**HOW TO COMPLETE THIS TASK:**
All of the data must be retyped exactly, with nothing left out.

**SOURCE DATA:**

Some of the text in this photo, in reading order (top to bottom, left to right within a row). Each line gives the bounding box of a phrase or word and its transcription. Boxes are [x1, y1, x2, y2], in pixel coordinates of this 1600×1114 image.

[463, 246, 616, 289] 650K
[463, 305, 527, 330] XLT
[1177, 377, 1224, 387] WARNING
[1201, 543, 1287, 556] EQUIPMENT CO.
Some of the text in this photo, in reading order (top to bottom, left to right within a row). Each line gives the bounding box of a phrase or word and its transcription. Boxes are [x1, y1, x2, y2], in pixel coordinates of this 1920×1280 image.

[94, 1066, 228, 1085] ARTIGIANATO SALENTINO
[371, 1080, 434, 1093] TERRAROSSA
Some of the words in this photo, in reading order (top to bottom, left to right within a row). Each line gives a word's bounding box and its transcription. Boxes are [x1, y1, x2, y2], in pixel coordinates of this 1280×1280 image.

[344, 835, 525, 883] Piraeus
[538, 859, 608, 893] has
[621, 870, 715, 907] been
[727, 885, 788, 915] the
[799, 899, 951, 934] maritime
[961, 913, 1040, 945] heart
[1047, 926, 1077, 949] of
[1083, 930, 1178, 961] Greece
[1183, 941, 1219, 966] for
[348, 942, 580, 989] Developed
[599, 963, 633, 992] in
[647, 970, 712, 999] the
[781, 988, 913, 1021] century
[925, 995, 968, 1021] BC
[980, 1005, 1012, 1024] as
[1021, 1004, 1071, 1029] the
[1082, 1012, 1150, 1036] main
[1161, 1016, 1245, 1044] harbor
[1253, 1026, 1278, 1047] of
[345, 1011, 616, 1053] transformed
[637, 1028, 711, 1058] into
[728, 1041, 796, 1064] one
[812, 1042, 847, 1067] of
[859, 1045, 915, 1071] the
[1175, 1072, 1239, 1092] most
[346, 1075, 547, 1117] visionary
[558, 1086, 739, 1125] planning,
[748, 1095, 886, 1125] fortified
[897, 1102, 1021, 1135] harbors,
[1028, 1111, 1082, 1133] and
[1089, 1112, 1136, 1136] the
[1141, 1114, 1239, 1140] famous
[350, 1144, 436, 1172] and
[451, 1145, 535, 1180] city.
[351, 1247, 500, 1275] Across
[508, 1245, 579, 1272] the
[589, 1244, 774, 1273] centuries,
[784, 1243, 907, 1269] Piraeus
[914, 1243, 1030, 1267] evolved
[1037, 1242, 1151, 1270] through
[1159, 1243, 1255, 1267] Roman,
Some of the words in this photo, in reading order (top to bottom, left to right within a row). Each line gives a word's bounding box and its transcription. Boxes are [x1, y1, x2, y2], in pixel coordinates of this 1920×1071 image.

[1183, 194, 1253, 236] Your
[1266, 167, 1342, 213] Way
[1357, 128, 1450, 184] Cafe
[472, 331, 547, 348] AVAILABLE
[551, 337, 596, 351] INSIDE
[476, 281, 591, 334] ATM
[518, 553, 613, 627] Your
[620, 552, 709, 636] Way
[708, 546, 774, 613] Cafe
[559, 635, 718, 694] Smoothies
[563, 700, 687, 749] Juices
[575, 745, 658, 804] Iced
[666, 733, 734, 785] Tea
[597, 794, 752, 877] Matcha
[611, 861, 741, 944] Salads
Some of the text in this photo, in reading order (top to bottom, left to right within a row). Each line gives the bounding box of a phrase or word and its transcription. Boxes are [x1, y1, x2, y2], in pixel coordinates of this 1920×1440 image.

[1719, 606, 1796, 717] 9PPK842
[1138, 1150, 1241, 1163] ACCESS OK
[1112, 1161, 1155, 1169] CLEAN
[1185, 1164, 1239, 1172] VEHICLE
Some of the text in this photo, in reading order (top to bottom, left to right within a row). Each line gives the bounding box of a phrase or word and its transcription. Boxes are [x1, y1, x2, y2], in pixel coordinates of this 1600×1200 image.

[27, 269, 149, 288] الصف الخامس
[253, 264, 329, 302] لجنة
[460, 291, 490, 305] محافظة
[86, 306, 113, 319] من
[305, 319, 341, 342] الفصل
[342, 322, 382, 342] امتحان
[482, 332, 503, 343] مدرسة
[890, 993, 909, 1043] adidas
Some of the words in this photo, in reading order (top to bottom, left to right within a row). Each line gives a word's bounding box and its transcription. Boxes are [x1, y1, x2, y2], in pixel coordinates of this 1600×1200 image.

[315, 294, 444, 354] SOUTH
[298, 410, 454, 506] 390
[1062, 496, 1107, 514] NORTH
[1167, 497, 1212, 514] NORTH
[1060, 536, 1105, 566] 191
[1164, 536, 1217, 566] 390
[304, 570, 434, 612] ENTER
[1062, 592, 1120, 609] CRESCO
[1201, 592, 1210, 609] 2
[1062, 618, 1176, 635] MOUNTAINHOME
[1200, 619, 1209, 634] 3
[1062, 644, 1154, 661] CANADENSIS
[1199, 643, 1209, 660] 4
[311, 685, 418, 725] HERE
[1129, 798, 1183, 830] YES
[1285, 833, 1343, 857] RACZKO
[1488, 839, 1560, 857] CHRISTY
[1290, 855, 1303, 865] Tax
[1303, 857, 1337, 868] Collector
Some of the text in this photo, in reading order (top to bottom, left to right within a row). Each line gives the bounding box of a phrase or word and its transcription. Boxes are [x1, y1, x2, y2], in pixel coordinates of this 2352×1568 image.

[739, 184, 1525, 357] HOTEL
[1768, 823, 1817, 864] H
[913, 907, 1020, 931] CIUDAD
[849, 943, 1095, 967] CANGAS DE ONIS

**EXERCISE SOLUTION:**
Some of the text in this photo, in reading order (top to bottom, left to right within a row). Each line gives the bounding box of a phrase or word and its transcription. Boxes are [x1, y1, x2, y2], in pixel coordinates of this 1600×1114 image.

[463, 246, 616, 289] 650K
[463, 305, 527, 330] XLT
[1177, 377, 1224, 387] WARNING
[1201, 543, 1287, 556] EQUIPMENT CO.
Some of the text in this photo, in reading order (top to bottom, left to right within a row). Each line gives the bounding box of a phrase or word and its transcription. Boxes are [x1, y1, x2, y2], in pixel coordinates of this 1920×1280 image.

[94, 1066, 228, 1085] ARTIGIANATO SALENTINO
[371, 1080, 434, 1093] TERRAROSSA
Some of the words in this photo, in reading order (top to bottom, left to right within a row). Each line gives a word's bounding box and its transcription. Boxes are [x1, y1, x2, y2], in pixel coordinates of this 1280×1280 image.

[344, 835, 525, 883] Piraeus
[538, 859, 608, 893] has
[621, 870, 715, 907] been
[727, 885, 788, 915] the
[799, 899, 951, 934] maritime
[961, 913, 1040, 945] heart
[1047, 926, 1077, 949] of
[1083, 930, 1178, 961] Greece
[1183, 941, 1219, 966] for
[348, 942, 580, 989] Developed
[599, 963, 633, 992] in
[647, 970, 712, 999] the
[781, 988, 913, 1021] century
[925, 995, 968, 1021] BC
[980, 1005, 1012, 1024] as
[1021, 1004, 1071, 1029] the
[1082, 1012, 1150, 1036] main
[1161, 1016, 1245, 1044] harbor
[1253, 1026, 1278, 1047] of
[345, 1011, 616, 1053] transformed
[637, 1028, 711, 1058] into
[728, 1041, 796, 1064] one
[812, 1042, 847, 1067] of
[859, 1045, 915, 1071] the
[1175, 1072, 1239, 1092] most
[346, 1075, 547, 1117] visionary
[558, 1086, 739, 1125] planning,
[748, 1095, 886, 1125] fortified
[897, 1102, 1021, 1135] harbors,
[1028, 1111, 1082, 1133] and
[1089, 1112, 1136, 1136] the
[1141, 1114, 1239, 1140] famous
[350, 1144, 436, 1172] and
[451, 1145, 535, 1180] city.
[351, 1247, 500, 1275] Across
[508, 1245, 579, 1272] the
[589, 1244, 774, 1273] centuries,
[784, 1243, 907, 1269] Piraeus
[914, 1243, 1030, 1267] evolved
[1037, 1242, 1151, 1270] through
[1159, 1243, 1255, 1267] Roman,
Some of the words in this photo, in reading order (top to bottom, left to right within a row). Each line gives a word's bounding box and its transcription. Boxes are [x1, y1, x2, y2], in pixel coordinates of this 1920×1071 image.

[1183, 194, 1253, 236] Your
[1266, 167, 1342, 213] Way
[1357, 128, 1450, 184] Cafe
[472, 331, 547, 348] AVAILABLE
[551, 337, 596, 351] INSIDE
[476, 281, 591, 334] ATM
[518, 553, 613, 627] Your
[620, 552, 709, 636] Way
[708, 546, 774, 613] Cafe
[559, 635, 718, 694] Smoothies
[563, 700, 687, 749] Juices
[575, 745, 658, 804] Iced
[666, 733, 734, 785] Tea
[597, 794, 752, 877] Matcha
[611, 861, 741, 944] Salads
Some of the text in this photo, in reading order (top to bottom, left to right within a row). Each line gives the bounding box of a phrase or word and its transcription. Boxes are [x1, y1, x2, y2], in pixel coordinates of this 1920×1440 image.

[1719, 606, 1796, 717] 9PPK842
[1138, 1150, 1241, 1163] ACCESS OK
[1112, 1161, 1155, 1169] CLEAN
[1185, 1164, 1239, 1172] VEHICLE
Some of the text in this photo, in reading order (top to bottom, left to right within a row). Each line gives the bounding box of a phrase or word and its transcription. Boxes are [x1, y1, x2, y2], in pixel coordinates of this 1600×1200 image.

[27, 269, 149, 288] الصف الخامس
[253, 264, 329, 302] لجنة
[460, 291, 490, 305] محافظة
[86, 306, 113, 319] من
[305, 319, 341, 342] الفصل
[342, 322, 382, 342] امتحان
[482, 332, 503, 343] مدرسة
[890, 993, 909, 1043] adidas
Some of the words in this photo, in reading order (top to bottom, left to right within a row). Each line gives a word's bounding box and its transcription. Boxes are [x1, y1, x2, y2], in pixel coordinates of this 1600×1200 image.

[315, 294, 444, 354] SOUTH
[298, 410, 454, 506] 390
[1062, 496, 1107, 514] NORTH
[1167, 497, 1212, 514] NORTH
[1060, 536, 1105, 566] 191
[1164, 536, 1217, 566] 390
[304, 570, 434, 612] ENTER
[1062, 592, 1120, 609] CRESCO
[1201, 592, 1210, 609] 2
[1062, 618, 1176, 635] MOUNTAINHOME
[1200, 619, 1209, 634] 3
[1062, 644, 1154, 661] CANADENSIS
[1199, 643, 1209, 660] 4
[311, 685, 418, 725] HERE
[1129, 798, 1183, 830] YES
[1285, 833, 1343, 857] RACZKO
[1488, 839, 1560, 857] CHRISTY
[1290, 855, 1303, 865] Tax
[1303, 857, 1337, 868] Collector
Some of the text in this photo, in reading order (top to bottom, left to right within a row). Each line gives the bounding box of a phrase or word and its transcription. Boxes are [x1, y1, x2, y2], in pixel coordinates of this 2352×1568 image.

[739, 184, 1525, 357] HOTEL
[1768, 823, 1817, 864] H
[913, 907, 1020, 931] CIUDAD
[849, 943, 1095, 967] CANGAS DE ONIS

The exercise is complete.